Each entry that follows should be given again word for word; please leave out its pictures.
Start of MATERIAL FOR THE TASK
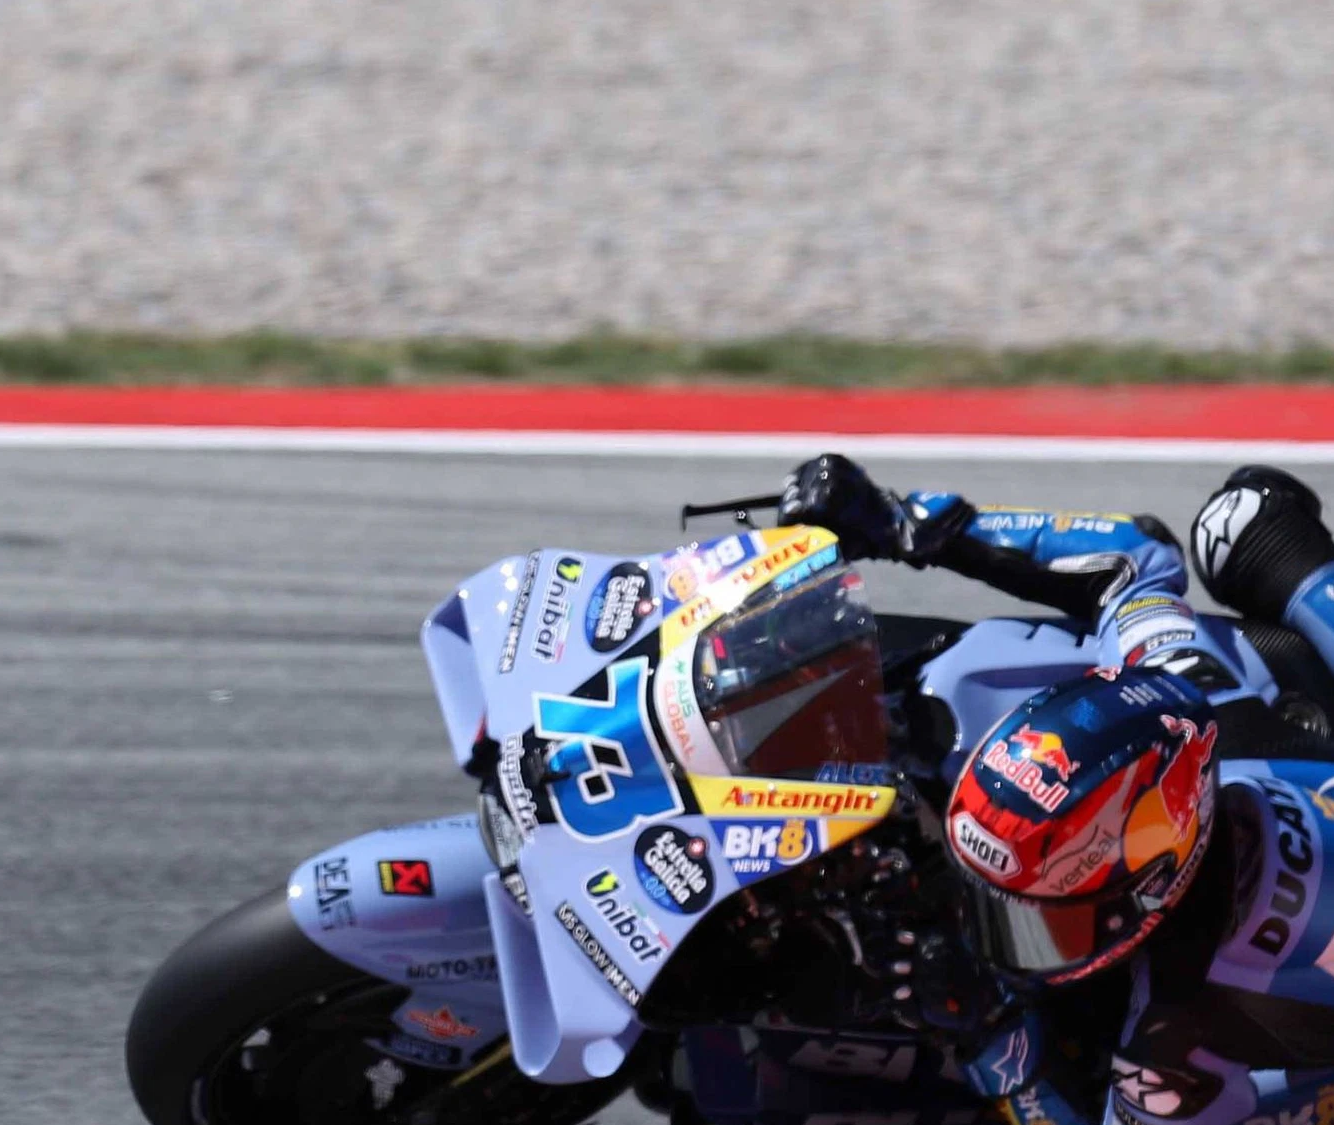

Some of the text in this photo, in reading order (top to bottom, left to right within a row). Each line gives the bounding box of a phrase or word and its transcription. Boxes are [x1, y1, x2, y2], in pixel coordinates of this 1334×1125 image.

[723, 786, 875, 815] Antangin
[656, 831, 707, 894] Estrella
[723, 820, 810, 864] BK8
[960, 823, 1009, 871] SHOEI
[644, 847, 690, 904] Galicia
[732, 859, 771, 874] NEWS
[586, 870, 662, 962] Unibat
End of MATERIAL FOR THE TASK
* [EXERCISE OUTPUT]
Some of the text in this photo, in reading order (top to bottom, left to right within a row). Each line gives the bounding box of a phrase or word and its transcription. Boxes are [x1, y1, x2, y2], in pixel coordinates of this 1334×1125 image.

[723, 786, 875, 815] Antangin
[656, 831, 707, 894] Estrella
[723, 820, 810, 864] BK8
[960, 823, 1009, 871] SHOEI
[644, 847, 690, 904] Galicia
[732, 859, 771, 874] NEWS
[586, 870, 662, 962] Unibat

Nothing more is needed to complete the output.